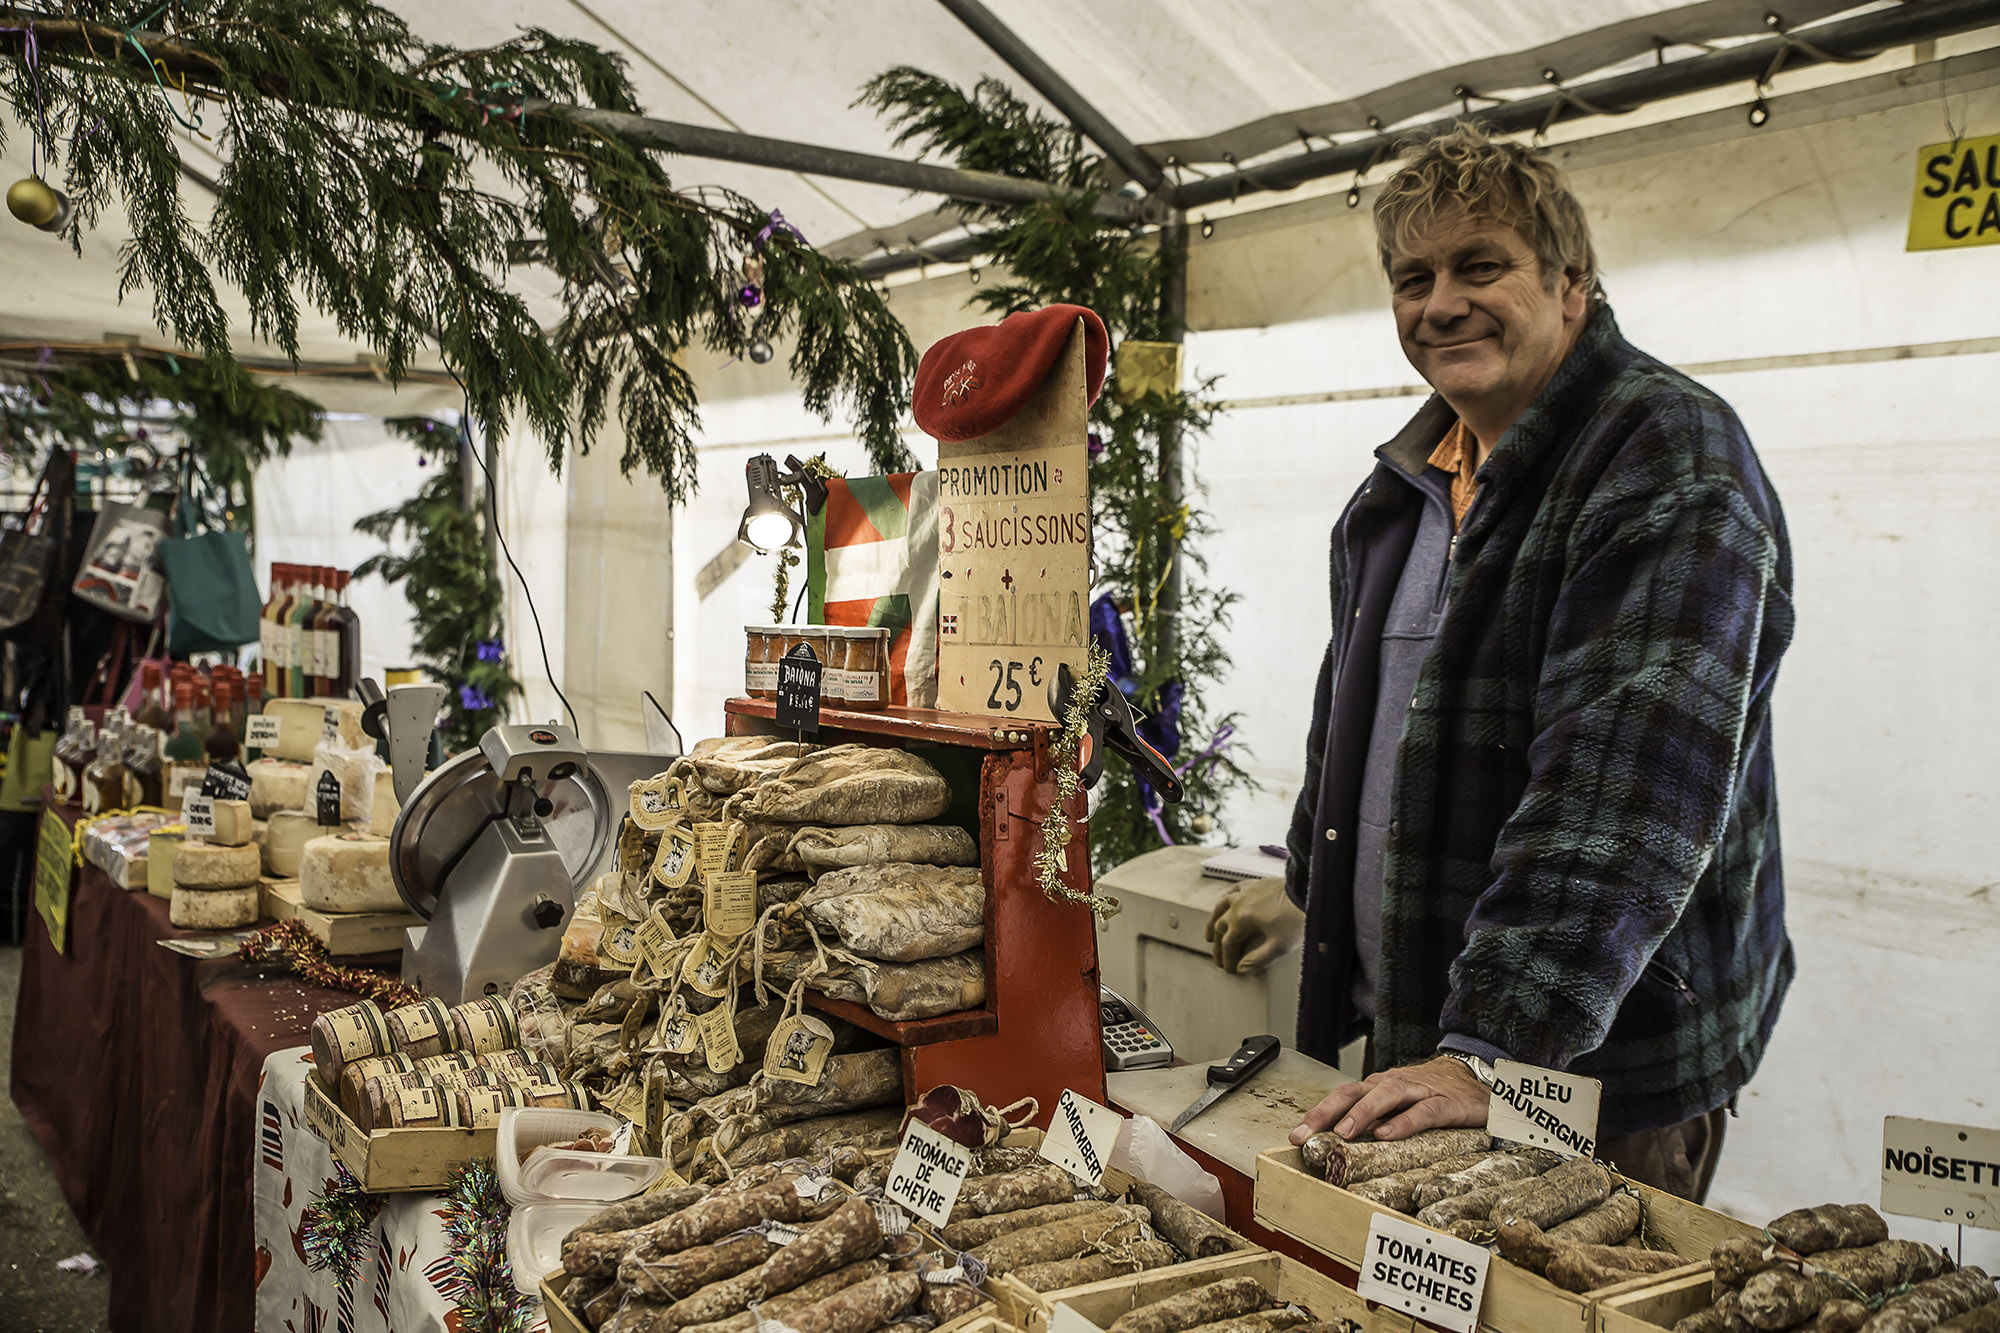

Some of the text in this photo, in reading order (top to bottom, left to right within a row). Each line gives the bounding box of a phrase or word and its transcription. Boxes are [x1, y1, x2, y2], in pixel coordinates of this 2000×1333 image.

[1945, 191, 2000, 240] CA
[939, 456, 1048, 496] PROMOTION
[941, 506, 1087, 553] 3 SAUCISSONS
[784, 664, 816, 687] BAIONA
[1520, 1077, 1572, 1104] BLEU
[1060, 1091, 1103, 1182] CAMEMBERT
[1491, 1078, 1594, 1158] D'AUVERGNE
[905, 1133, 964, 1178] FROMAGE
[915, 1162, 935, 1184] DE
[892, 1175, 946, 1214] CHEVRE
[1376, 1234, 1478, 1286] TOMATES
[1372, 1261, 1474, 1312] SECHEES

== TASK TO CARRY OUT ==
Your copy of the listing should match it exactly, apart from the pictures, which are left out.

== ANSWER SECTION ==
Some of the text in this photo, in reading order (top to bottom, left to right within a row). Each line gives the bounding box of a phrase or word and its transcription. Boxes are [x1, y1, x2, y2], in pixel coordinates of this 2000×1333 image.

[1945, 191, 2000, 240] CA
[939, 456, 1048, 496] PROMOTION
[941, 506, 1087, 553] 3 SAUCISSONS
[784, 664, 816, 687] BAIONA
[1520, 1077, 1572, 1104] BLEU
[1060, 1091, 1103, 1182] CAMEMBERT
[1491, 1078, 1594, 1158] D'AUVERGNE
[905, 1133, 964, 1178] FROMAGE
[915, 1162, 935, 1184] DE
[892, 1175, 946, 1214] CHEVRE
[1376, 1234, 1478, 1286] TOMATES
[1372, 1261, 1474, 1312] SECHEES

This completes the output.